The key message to take from the approach being adopted by competition enforcement authorities is that just because times are hard, companies should not expect more lenient treatment under competition law. Companies should take advice before entering into cooperation arrangements/collusion with their competitors, even if such behaviour is actively encouraged by well-meaning governmental bodies. They should also continue to invest time and resources in preparing merger clearance applications, in particular if they are active in concentrated markets and are looking to acquire a competitor. Our experience in the last nine months has been that the OFT (and indeed the Commission) are as demanding as ever in their requirements for detailed information about the merging parties and the dynamics of the affected markets.

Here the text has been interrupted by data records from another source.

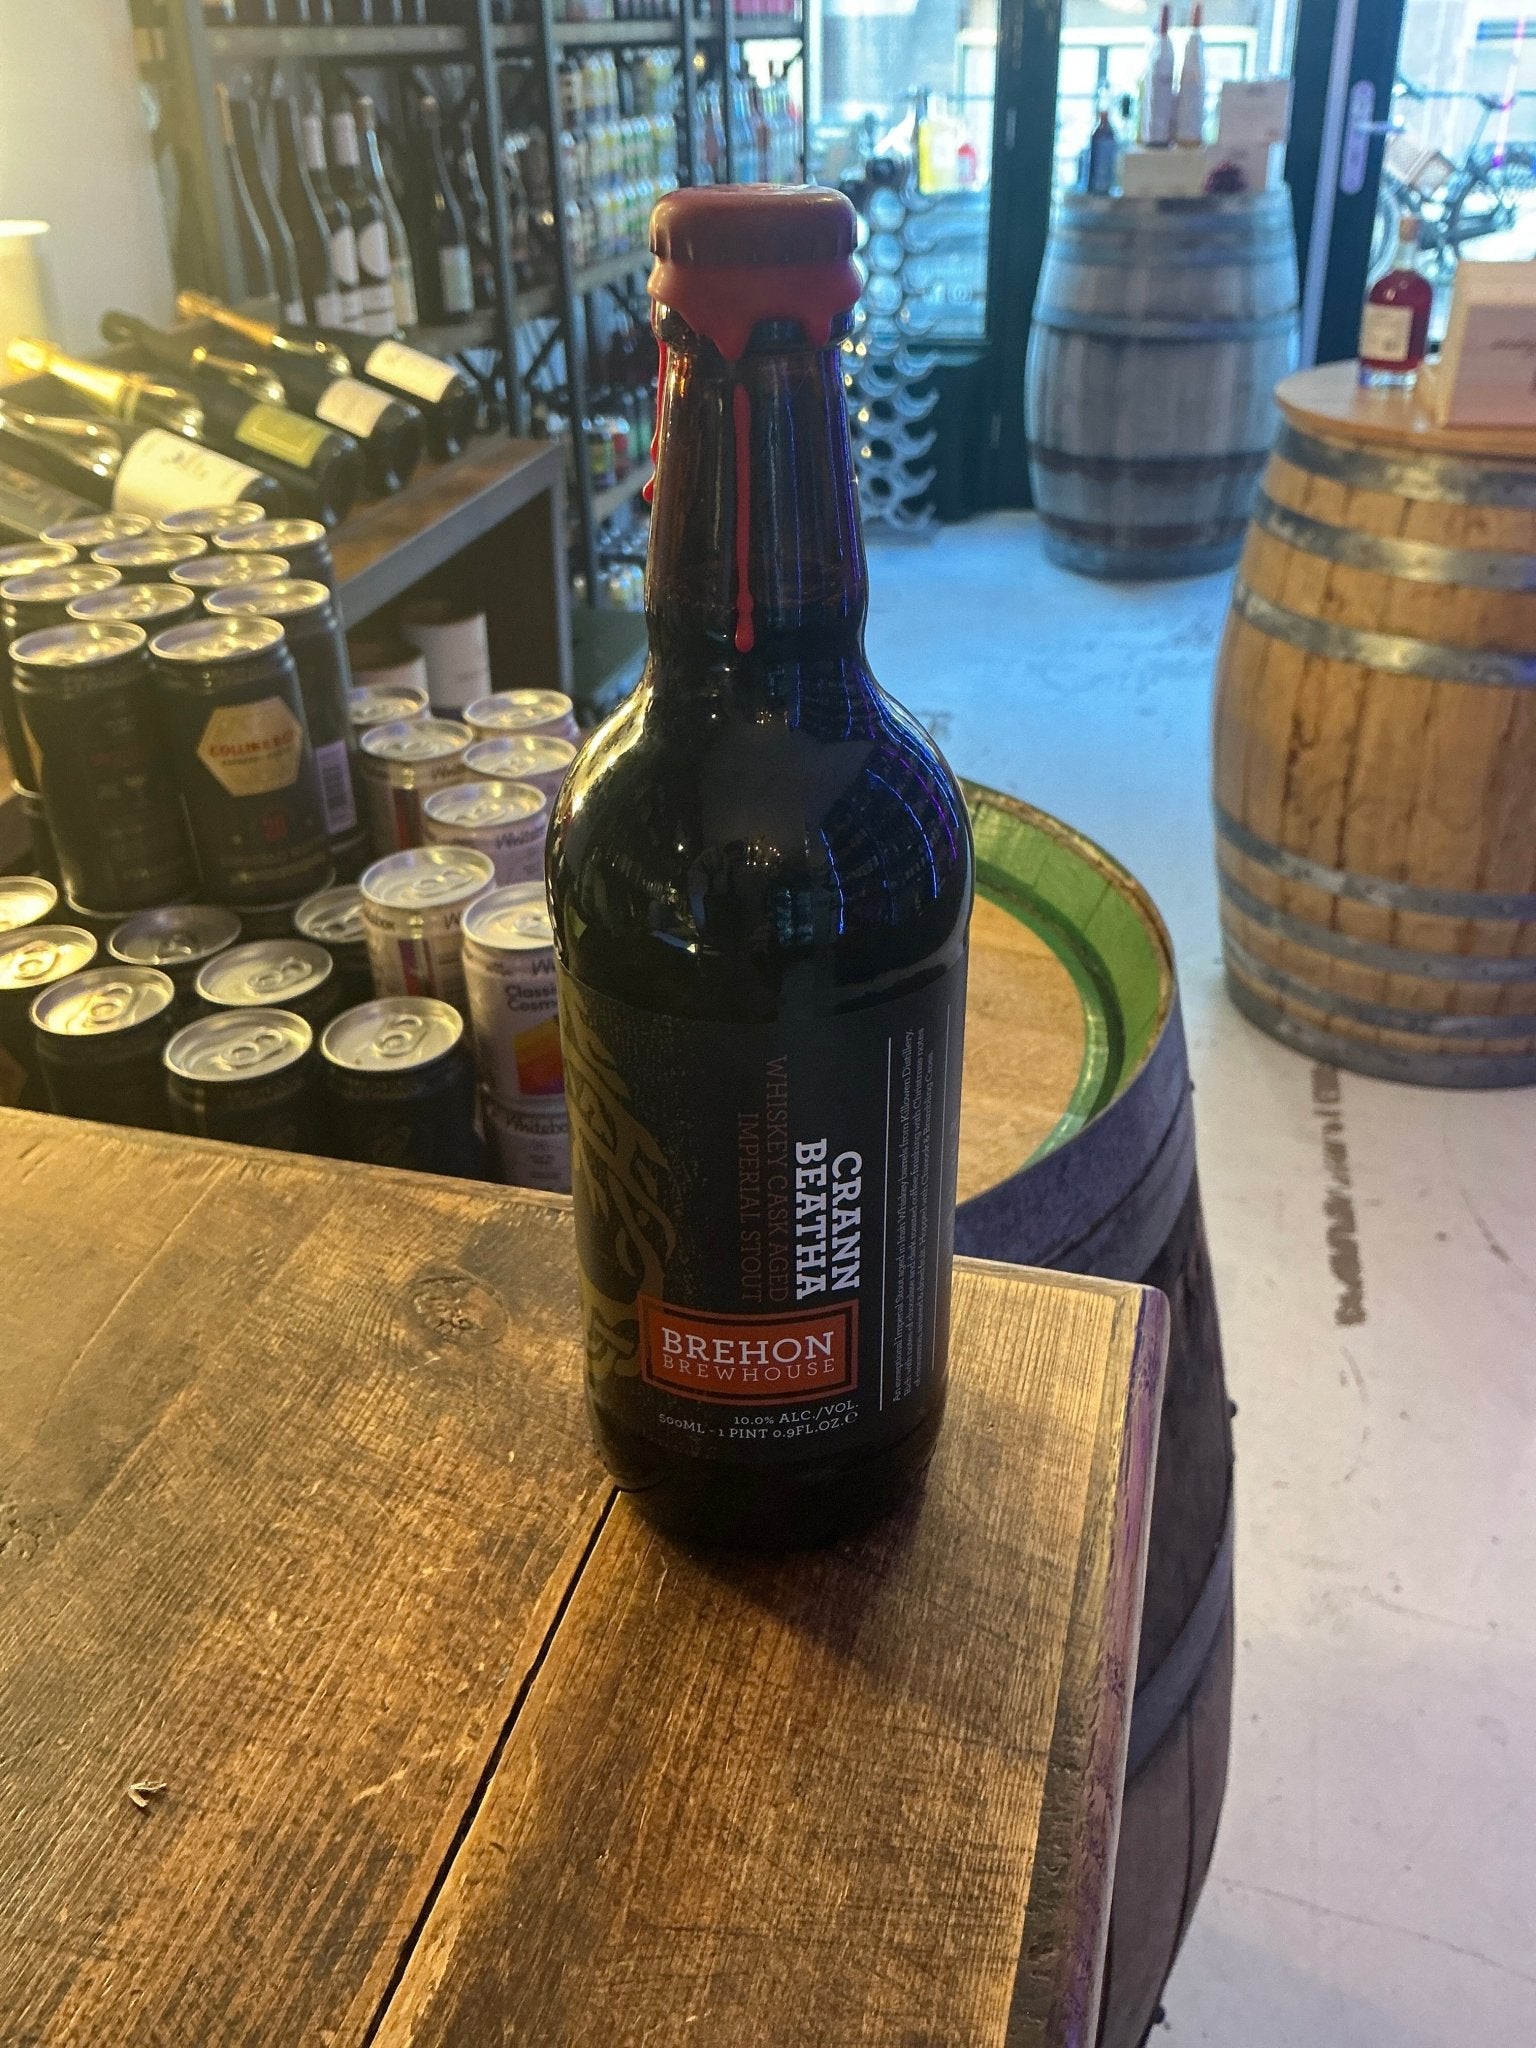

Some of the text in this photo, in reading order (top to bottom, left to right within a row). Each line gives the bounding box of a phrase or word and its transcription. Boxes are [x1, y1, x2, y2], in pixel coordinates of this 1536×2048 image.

[899, 1077, 910, 1122] Killowen
[898, 1122, 909, 1146] from
[765, 1054, 789, 1302] WHISKEY CASK AGED
[738, 1112, 762, 1303] IMPERIAL STOUT
[795, 1138, 827, 1300] BEATHA
[831, 1151, 863, 1291] CRANN
[897, 1181, 909, 1222] Whiskey
[897, 1222, 906, 1243] Irish
[896, 1254, 906, 1277] aged
[661, 1326, 834, 1366] BREHON
[662, 1354, 835, 1382] BREWHOUSE
[659, 1413, 705, 1434] 500ML
[729, 1428, 768, 1439] PINT
[734, 1399, 860, 1425] 10.0% ALC./VOL.

There has been no let up in this regard and the OFT has demonstrated that the financial crisis has not led it to alter its approach towards the application of the failing firm defence. The one area of competition law where the rules have been adapted in light of the global financial crisis is State aid. In this regard, UK businesses struggling for credit or investment should be aware that the government, supported by the Commission, has put in place a wide range of measures to help them through the downturn.